▸ **DATA SUPPLIED**:
--*--
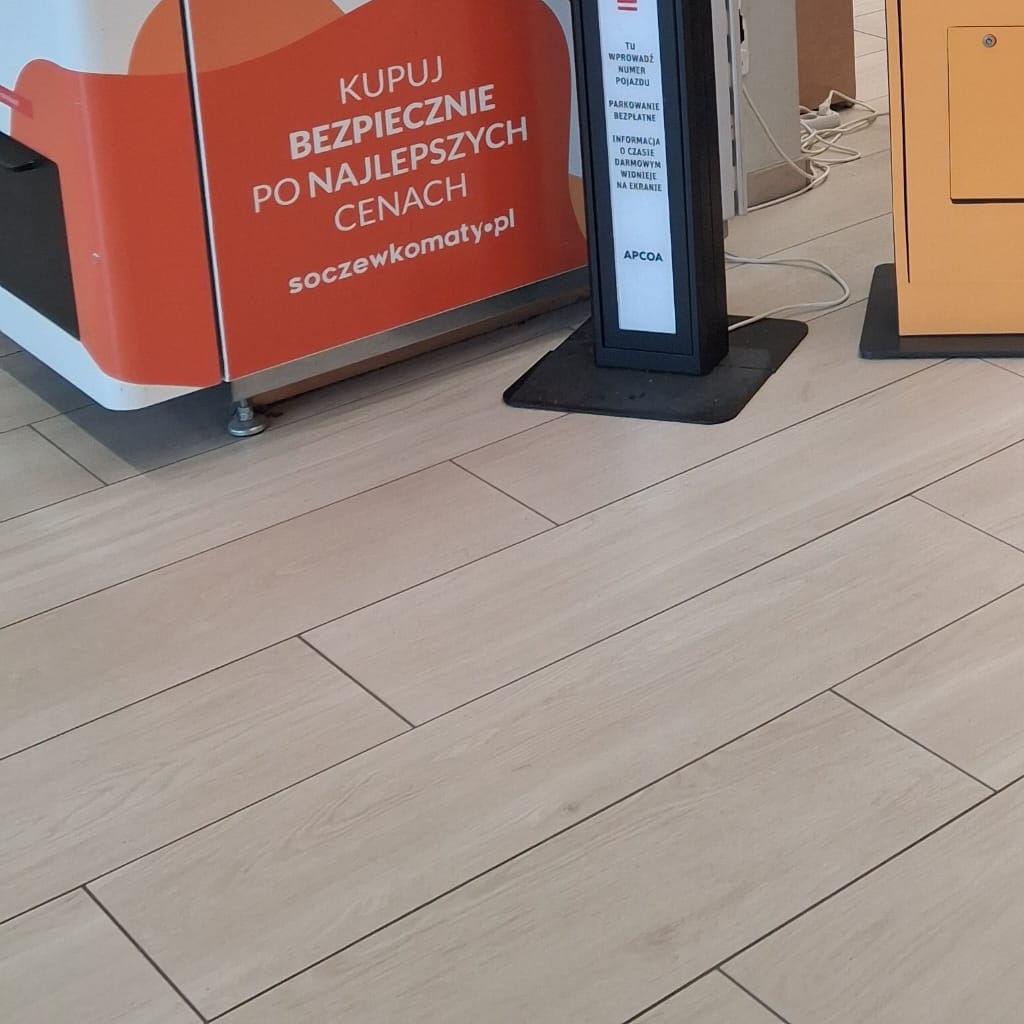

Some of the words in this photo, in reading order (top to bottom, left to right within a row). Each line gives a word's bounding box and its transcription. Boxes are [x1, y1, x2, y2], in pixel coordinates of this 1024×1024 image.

[625, 41, 636, 51] TU
[608, 53, 655, 64] WPROWADŹ
[618, 66, 646, 75] NUMER
[339, 55, 444, 105] KUPUJ
[615, 77, 650, 87] POJAZDU
[608, 99, 661, 111] PARKOWANIE
[289, 83, 496, 161] BEZPIECZNIE
[613, 111, 657, 122] BEZPŁATNE
[612, 134, 661, 146] INFORMACJA
[619, 147, 626, 155] O
[627, 147, 655, 157] CZASIE
[252, 177, 300, 214] PO
[308, 116, 528, 199] NAJLEPSZYCH
[614, 158, 662, 169] DARMOWYM
[620, 169, 657, 180] WIDNIEJE
[616, 181, 628, 189] NA
[629, 181, 663, 192] EKRANIE
[333, 173, 468, 232] CENACH
[623, 249, 664, 263] APCOA
--*--
▸ **WHAT IS NEEDED**: Every line above should be returned word for word, with the pictures left behind.

▸ **EXPECTED OUTPUT**:
Some of the words in this photo, in reading order (top to bottom, left to right within a row). Each line gives a word's bounding box and its transcription. Boxes are [x1, y1, x2, y2], in pixel coordinates of this 1024×1024 image.

[625, 41, 636, 51] TU
[608, 53, 655, 64] WPROWADŹ
[618, 66, 646, 75] NUMER
[339, 55, 444, 105] KUPUJ
[615, 77, 650, 87] POJAZDU
[608, 99, 661, 111] PARKOWANIE
[289, 83, 496, 161] BEZPIECZNIE
[613, 111, 657, 122] BEZPŁATNE
[612, 134, 661, 146] INFORMACJA
[619, 147, 626, 155] O
[627, 147, 655, 157] CZASIE
[252, 177, 300, 214] PO
[308, 116, 528, 199] NAJLEPSZYCH
[614, 158, 662, 169] DARMOWYM
[620, 169, 657, 180] WIDNIEJE
[616, 181, 628, 189] NA
[629, 181, 663, 192] EKRANIE
[333, 173, 468, 232] CENACH
[623, 249, 664, 263] APCOA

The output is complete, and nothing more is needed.